| DATA EXTRACTS |
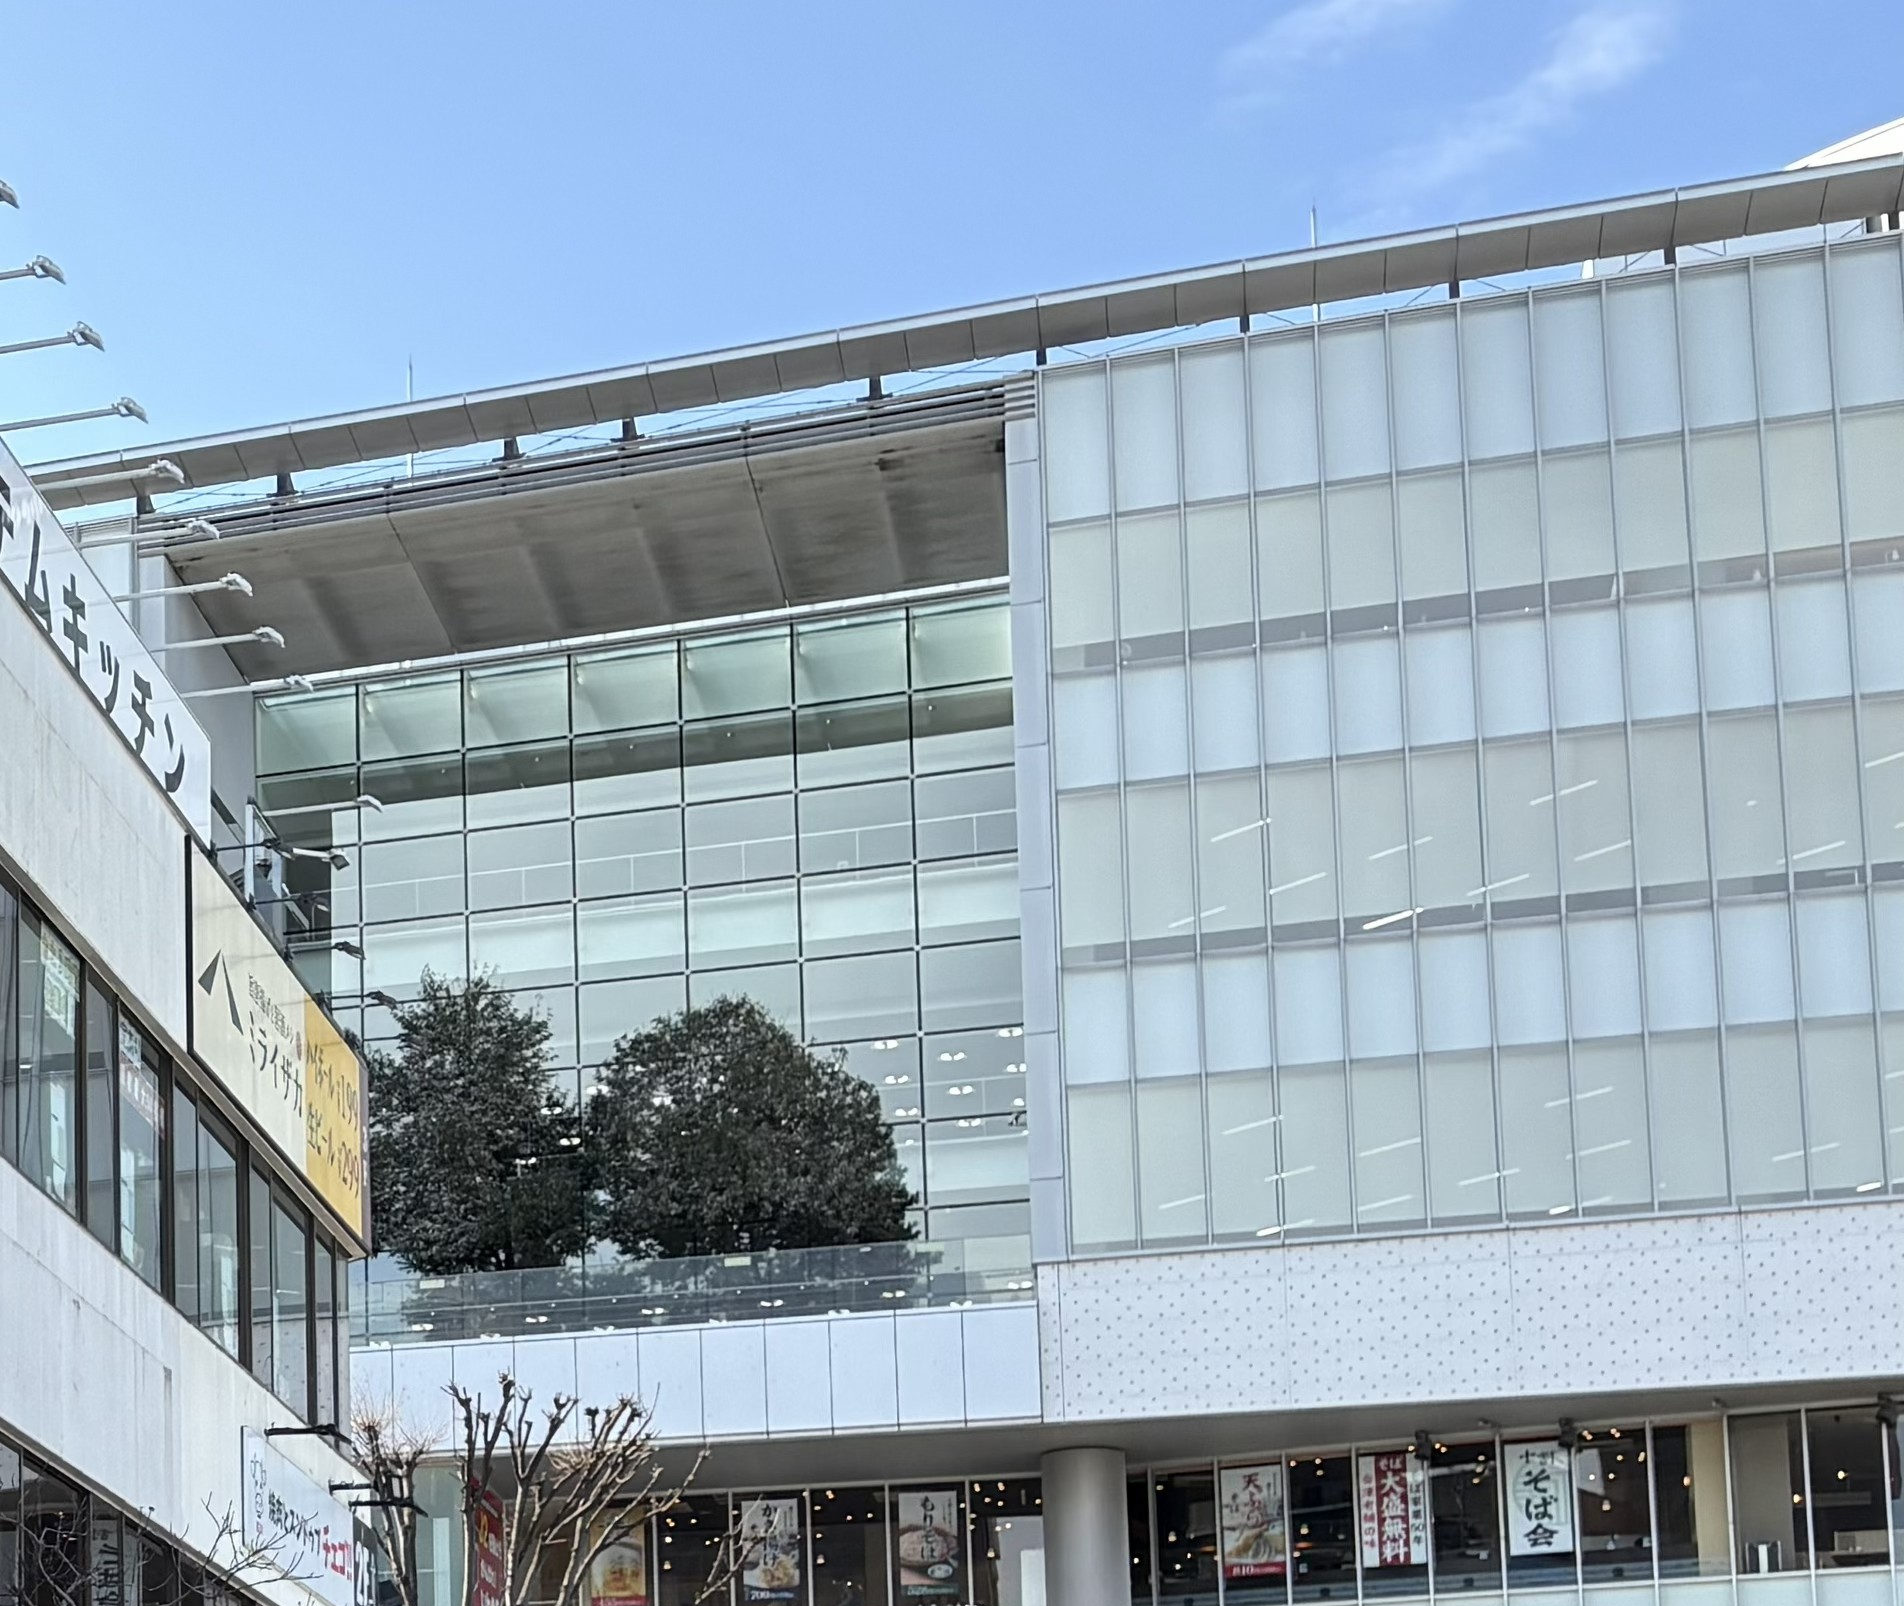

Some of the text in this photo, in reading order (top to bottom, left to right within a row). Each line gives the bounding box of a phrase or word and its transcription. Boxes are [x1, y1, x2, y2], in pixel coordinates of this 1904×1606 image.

[249, 1010, 303, 1118] ミライザカ
[1380, 1470, 1409, 1563] 大盛無料
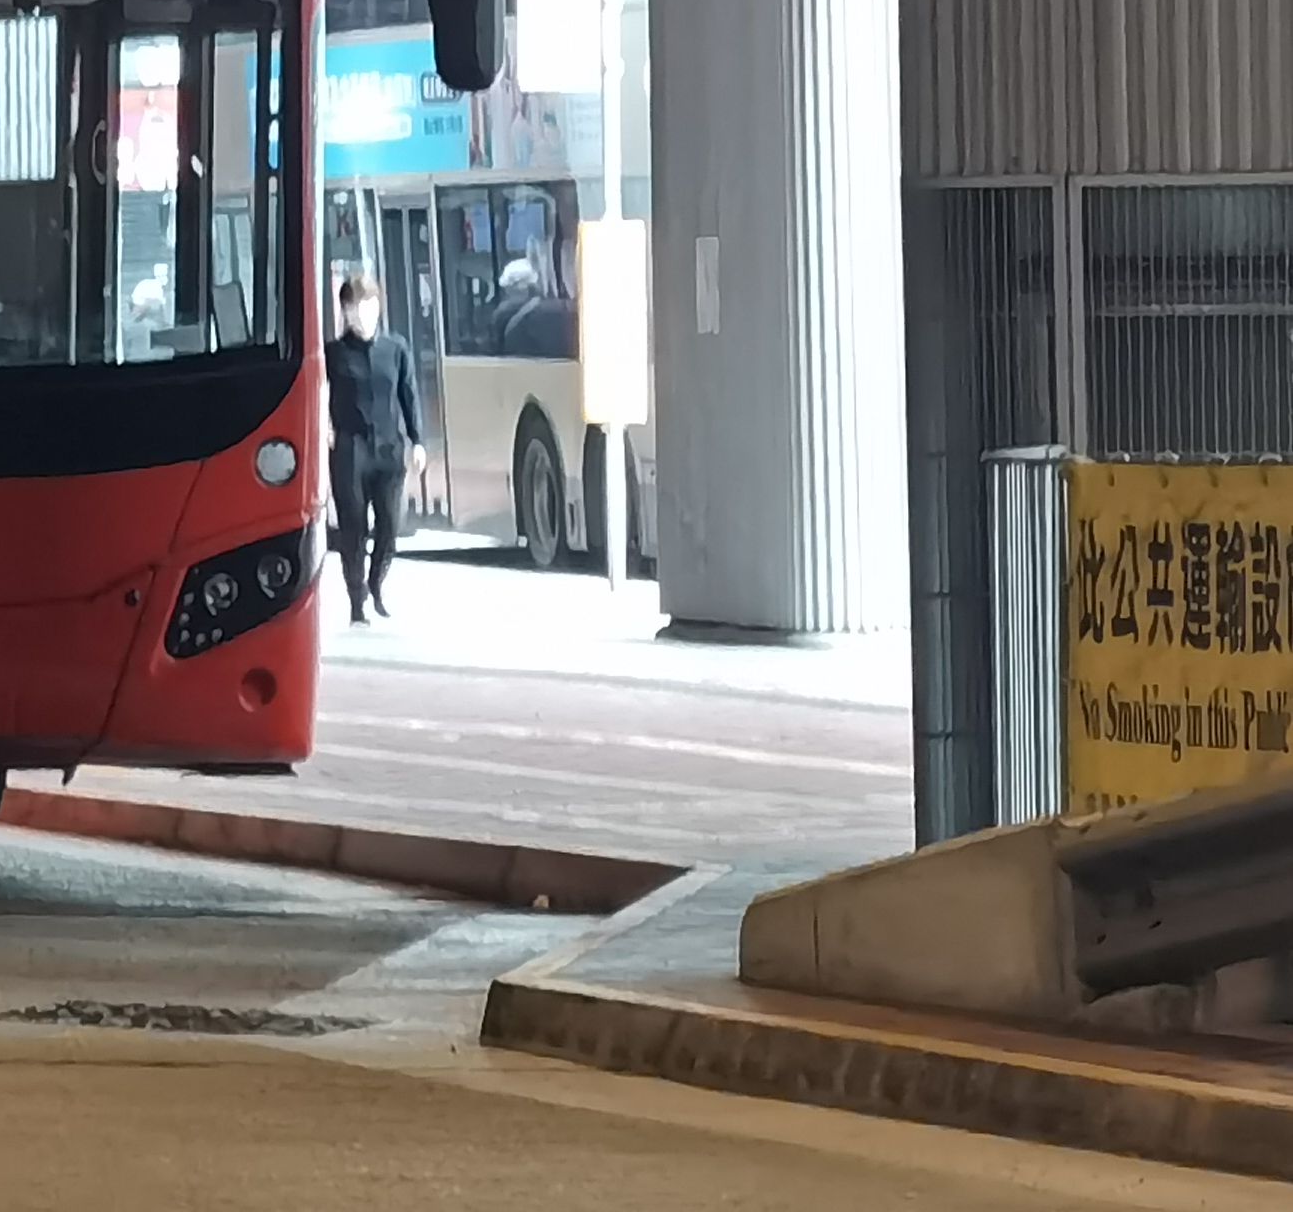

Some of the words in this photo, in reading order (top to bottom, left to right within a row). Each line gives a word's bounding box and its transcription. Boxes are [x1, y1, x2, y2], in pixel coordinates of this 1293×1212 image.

[1077, 518, 1293, 654] 此公共運輸設
[1104, 681, 1182, 764] Smoking
[1184, 685, 1203, 748] in
[1207, 686, 1238, 750] this

| WHAT YOU HAVE TO DO |
Your output must contain exactly the lines from the one containing "Some of the words" to the final line of the data above, and no other text.

| YOUR SOLUTION |
Some of the words in this photo, in reading order (top to bottom, left to right within a row). Each line gives a word's bounding box and its transcription. Boxes are [x1, y1, x2, y2], in pixel coordinates of this 1293×1212 image.

[1077, 518, 1293, 654] 此公共運輸設
[1104, 681, 1182, 764] Smoking
[1184, 685, 1203, 748] in
[1207, 686, 1238, 750] this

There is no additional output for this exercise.